● WHAT TO PRODUCE
Would you repeat the data below exactly, taking out the images?

(Items from a dataset)
=== Begin Enclosure ===

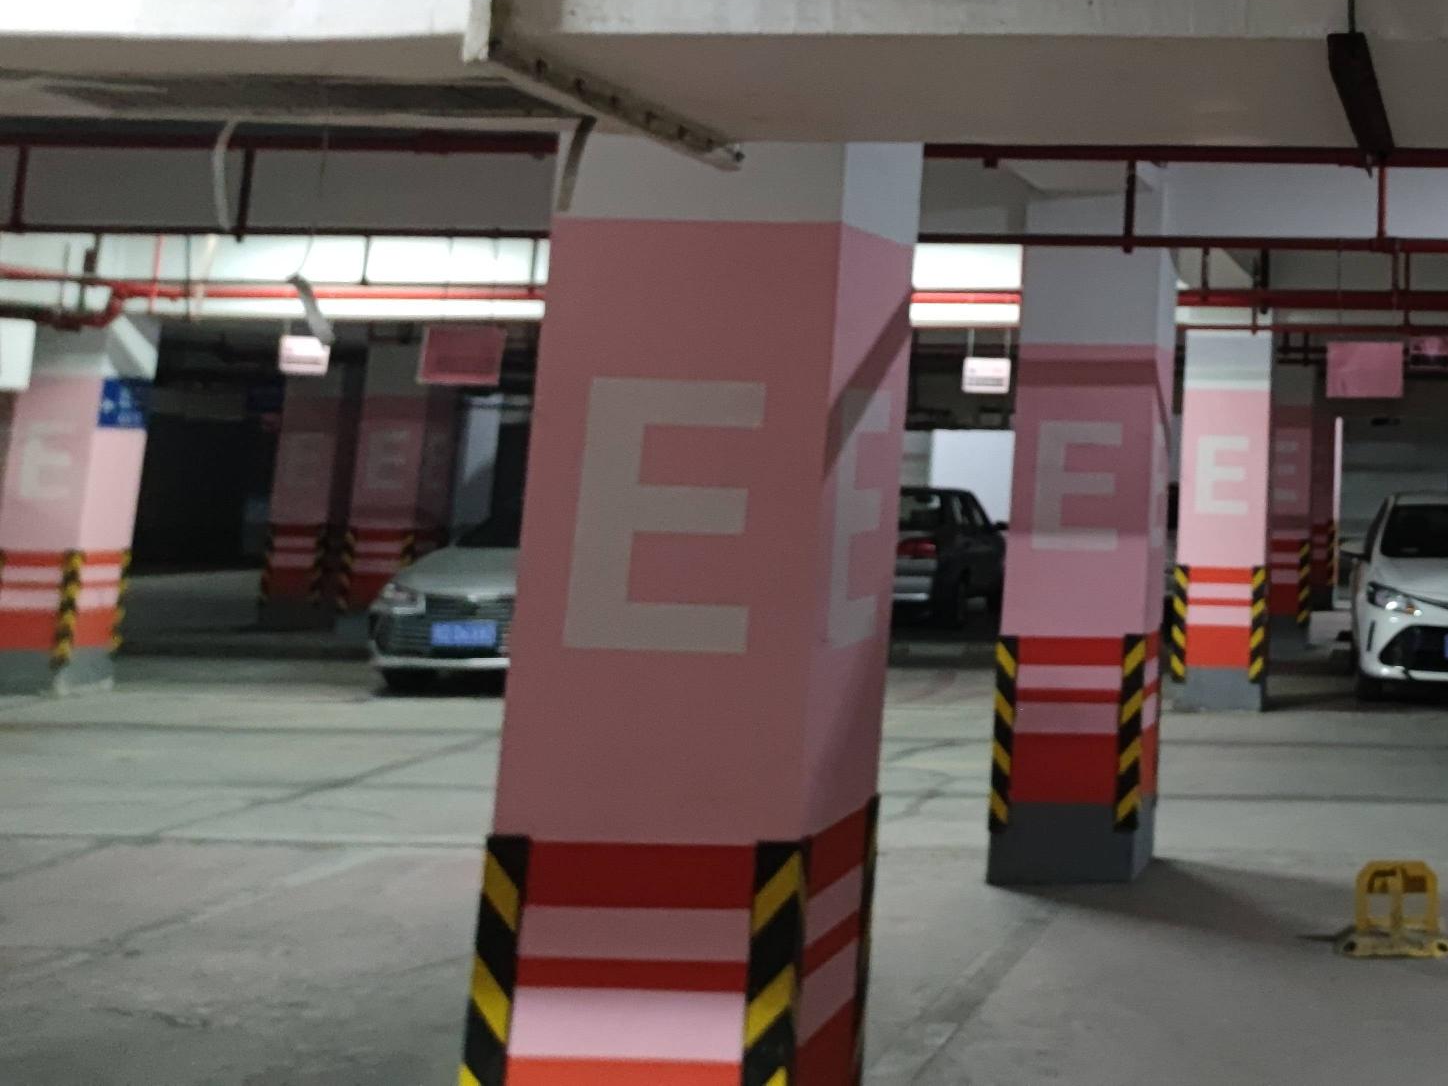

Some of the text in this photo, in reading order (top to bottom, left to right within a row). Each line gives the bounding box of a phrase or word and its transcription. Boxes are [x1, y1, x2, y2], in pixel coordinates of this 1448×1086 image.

[563, 377, 766, 654] E
[825, 388, 891, 650] E
[1032, 420, 1123, 550] E
[1195, 435, 1249, 515] E

=== End Enclosure ===

● EXPECTED ANSWER
Some of the text in this photo, in reading order (top to bottom, left to right within a row). Each line gives the bounding box of a phrase or word and its transcription. Boxes are [x1, y1, x2, y2], in pixel coordinates of this 1448×1086 image.

[563, 377, 766, 654] E
[825, 388, 891, 650] E
[1032, 420, 1123, 550] E
[1195, 435, 1249, 515] E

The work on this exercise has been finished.